Lo ha vuelto a hacer. Alejandro Valverde se ha coronado con su quinta Vuelta a Murcia y lo ha hecho a lo grande. A lo campeón. Haciendo pedazos la carrera en la zona más dura para después continuar cabalgando solo hasta la línea de meta. Es el ídolo de la región y, muy probablemente, el mejor deportista de su historia. Hoy ha vuelto a demostrar por qué, y ha firmado su quinta victoria en la carrera de casa. El veteranísimo corredor de Movistar –cumplirá 37 años en abril y le quedan dos más– se ha regalado un homenaje y se lo ha brindado también a su gente.

Porque tanto él como el equipo sabían perfectamente que si había una zona donde romper la carrera para Movistar, era el Collado Bermejo. Por una subida dura que seleccionase de verdad el pelotón pasaban todas las opciones. Lo contrario era fiarlo todo a un sprint que, sin ser masivo, sí podría tornarse demasiado numeroso para las aspiraciones de Alejandro. El dúo de Lotto Gallopin-Debusschere apoyados por Benoot, Orica con Cort Nielsen… gente que a un ritmo tranquilo puede pasar bien los puertos y luego te rematan en las llegadas. No era el plan.

El caso es que el plan del que hablábamos saltó por los aires en el Collado cuando el propio Valverde, en primera persona y tras neutralizar su equipo una inofensiva fuga de tres ciclistas, decidió probar suerte. Mover el árbol con el único objetivo de seleccionar el grupo y que un puñado de valientes hiciera camino con él. Cuál fue su sorpresa cuando se encontró solo. Le indicaron que la diferencia iba en aumento y decidió, finalmente, seguir en solitario. Más de 70 kilómetros.

“Era casi un suicidio, pero…”

Él mismo reconocía después que el ataque había sido una locura, sobre todo por el hecho de que nadie lo había seguido, y eso daba pie a pensar que pudieran echar su intento abajo: “Intenté probar para ver si alguien hacía camino conmigo, pero no me siguió nadie. Sabía que era casi un suicidio, una locura, pero me vi con diferencias. Y pensé que si no llegaba iba a ser porque me pillasen, pero no porque yo me dejara coger”, ha dicho todavía sonriente.

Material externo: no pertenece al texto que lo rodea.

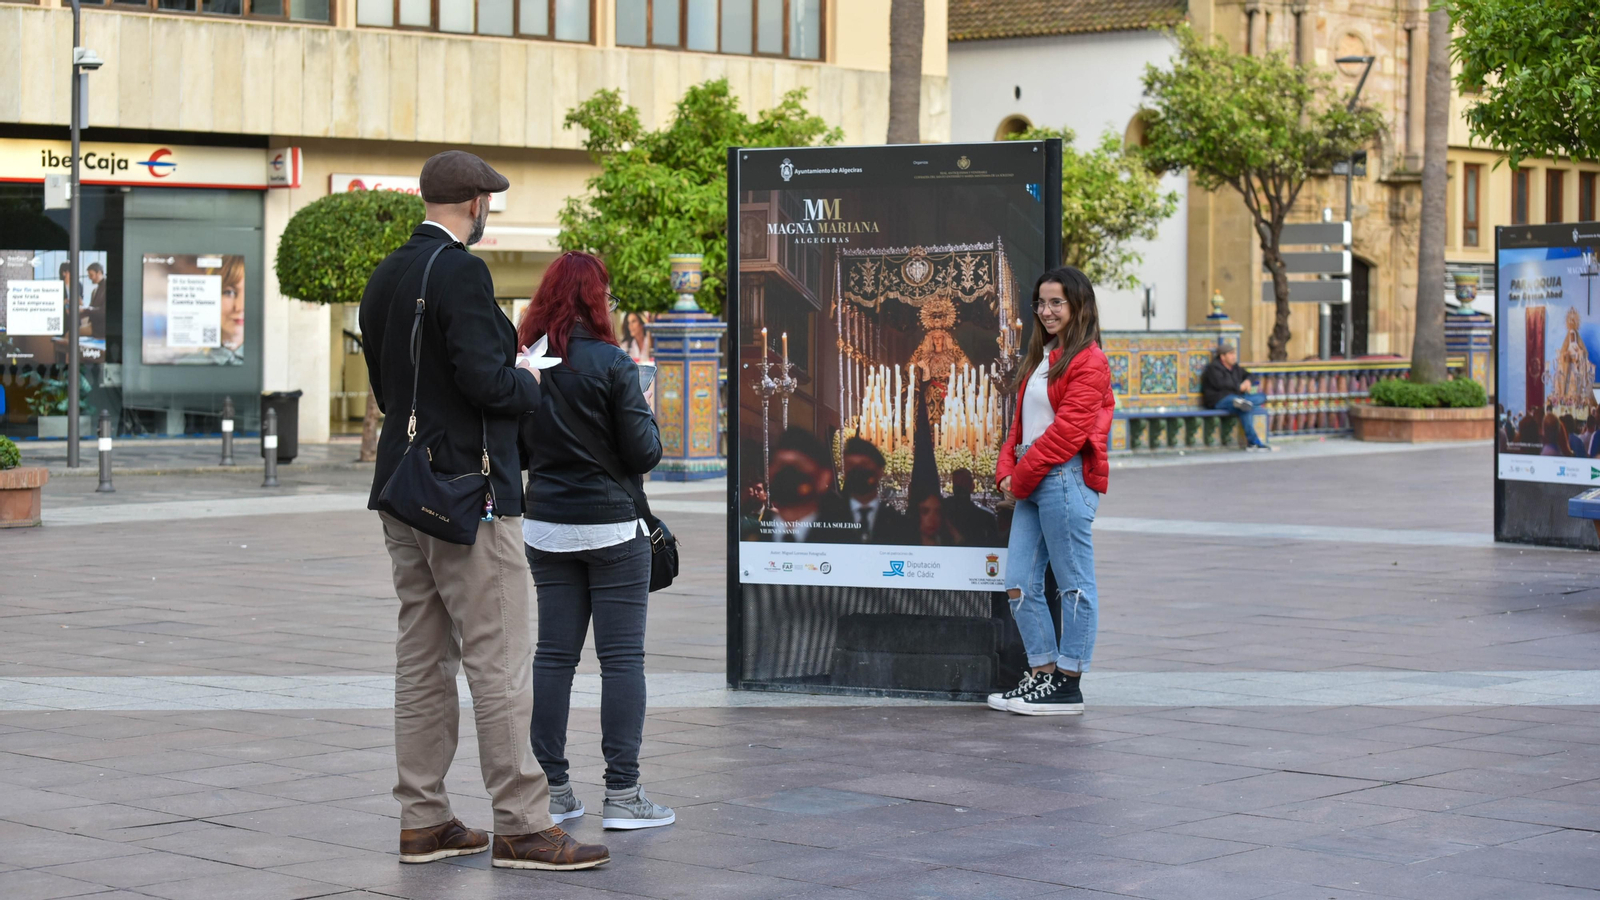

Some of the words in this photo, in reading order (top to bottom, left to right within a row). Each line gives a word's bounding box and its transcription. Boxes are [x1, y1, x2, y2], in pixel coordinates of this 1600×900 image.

[839, 166, 862, 175] Algeciras
[803, 198, 842, 221] MM
[767, 222, 814, 235] MAGNA
[818, 221, 880, 234] MARIANA
[1546, 289, 1563, 299] Abad
[760, 518, 780, 527] MARÍA
[781, 519, 813, 528] SANTÍSIMA
[832, 521, 862, 529] SOLEDAD
[907, 560, 940, 569] Diputación
[917, 570, 935, 578] Cádiz

No sólo llegó, sino que lo hizo con más de dos minutos de ventaja sobre un grupo de 21 unidades. En los momentos más selectivos llegó a ser de apenas cinco hombres. De hecho, Ion Izagirre trató de echar el guante al murciano. Imposible. Al final, en ese grupo se disputaron las ‘migajas’ que dejó Valverde: Jonathan Restrepo (Katusha-Alpecin) fue segundo en la meta situada en la Gran Vía de Murcia tras un potente sprint donde batió a Patrick Konrad (Bora-Hansgröhe). El colombiano ha acabado, además, como el mejor joven de la prueba.

Pero si ha habido un protagonista, ése ha sido Alejandro Valverde. Suma con esta 98 victorias oficiales, lo que no es ninguna broma. Mal se tiene que dar el asunto para que no alcance las 100 esta temporada… y con lo bien que le va normalmente en la Vuelta a Andalucía que arranca el miércoles, tal vez sea incluso antes de terminar el mes. Sea como fuere, el murciano vuelve a ser una vez más quien inaugura el casillero de victorias españolas. Tercera de Movistar, todas en España y de mano de sus dos jefes. Nairo con general y etapa en Comunitat Valenciana, y hoy aquí.

Mañana llega la Clásica de Almería. Una prueba que en 2016 tuvo que verse drásticamente recortada por mor del fortísimo viento reinante. Hoy en la salida de San Javier las caras de los corredores eran propias de quien afronta una situación con desagrado. Aire húmedo, frío y hostil golpeando a los corredores. Tras la ascensión al Collado y volviendo a Murcia, Eolo decidió que ya era suficiente y bajó la intensidad del viento. O tal vez no tuvo más remedio que parar, viendo que Alejandro Valverde no estaba dispuesto a hacerlo. Mejor una retirada a tiempo. Incluso para los Dioses.